**Your goal:**
Below are the entries; transcribe them exactly and drop every picture.

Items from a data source
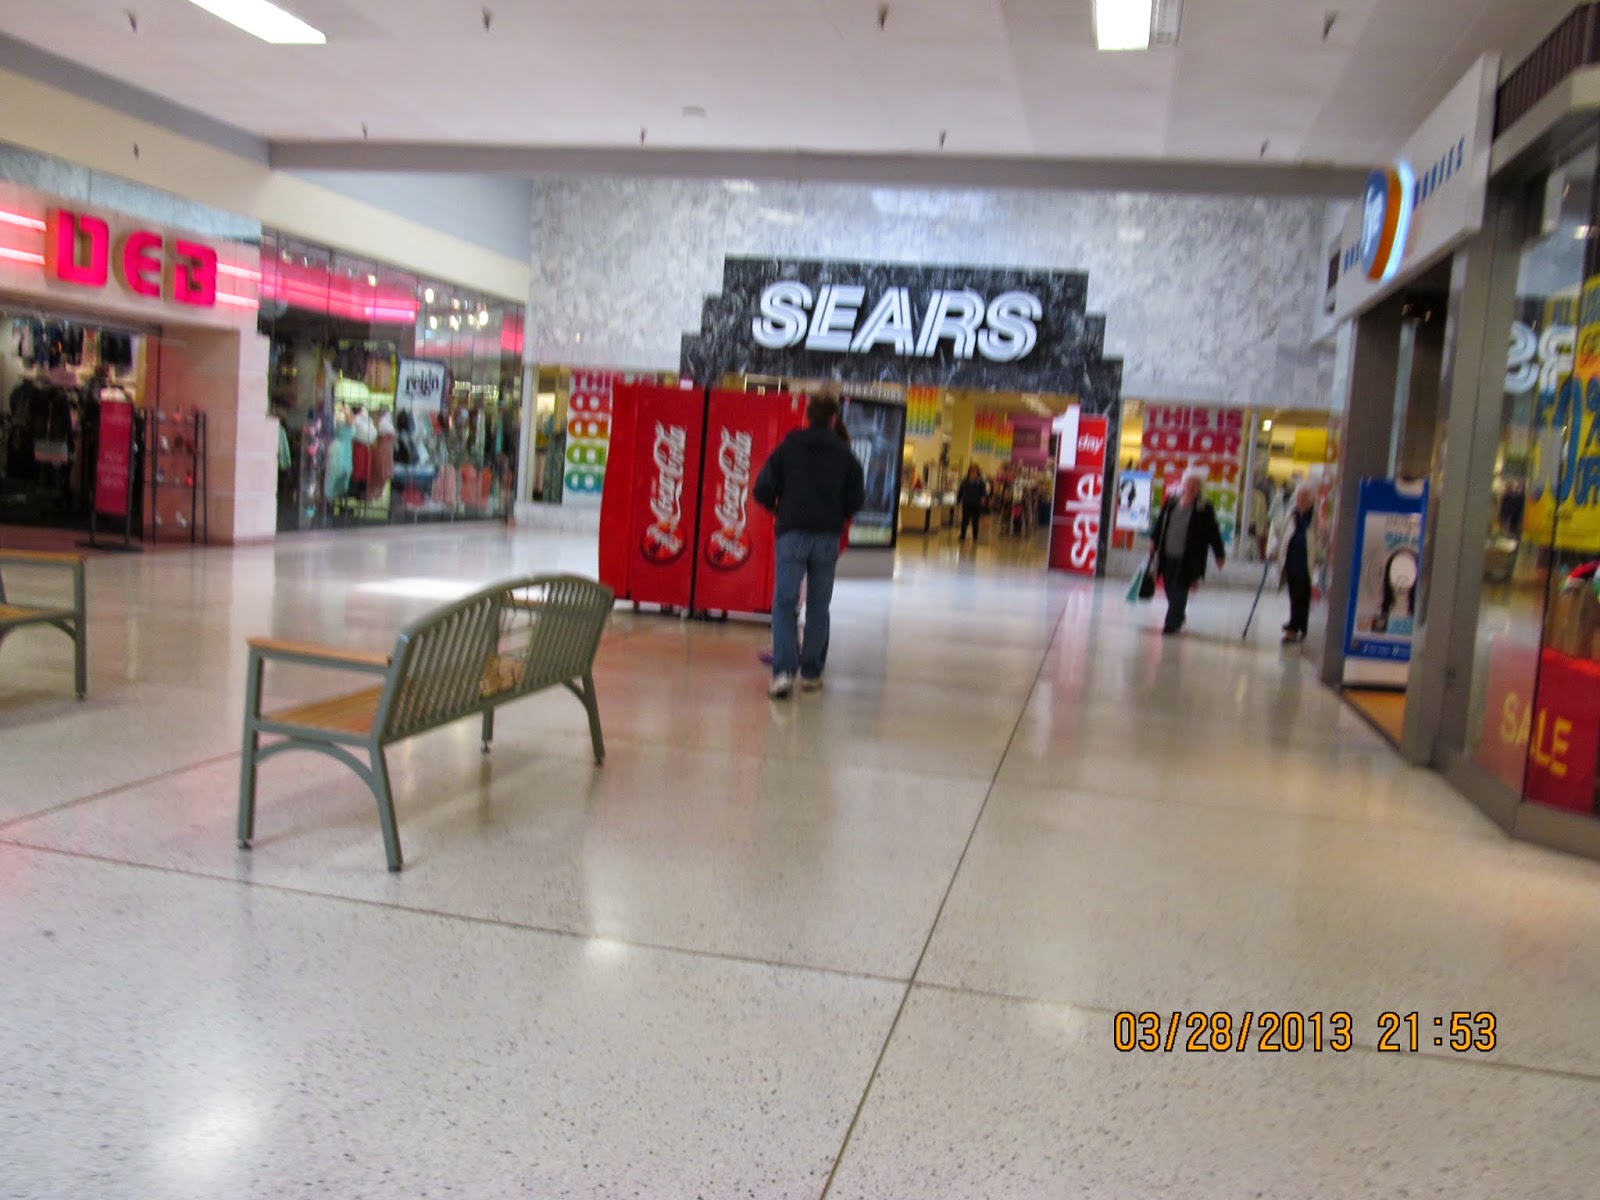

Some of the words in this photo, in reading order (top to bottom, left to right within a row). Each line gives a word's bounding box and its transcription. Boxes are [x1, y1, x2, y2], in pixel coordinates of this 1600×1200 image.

[50, 208, 217, 307] DEB
[752, 280, 1043, 362] SEARS
[650, 419, 687, 524] Coca-Cola
[714, 425, 752, 532] Coca-Cola
[1052, 404, 1081, 468] 1
[1078, 433, 1104, 455] day
[1065, 473, 1102, 569] sale
[1500, 691, 1573, 778] SALE

**Result for this task:**
Some of the words in this photo, in reading order (top to bottom, left to right within a row). Each line gives a word's bounding box and its transcription. Boxes are [x1, y1, x2, y2], in pixel coordinates of this 1600×1200 image.

[50, 208, 217, 307] DEB
[752, 280, 1043, 362] SEARS
[650, 419, 687, 524] Coca-Cola
[714, 425, 752, 532] Coca-Cola
[1052, 404, 1081, 468] 1
[1078, 433, 1104, 455] day
[1065, 473, 1102, 569] sale
[1500, 691, 1573, 778] SALE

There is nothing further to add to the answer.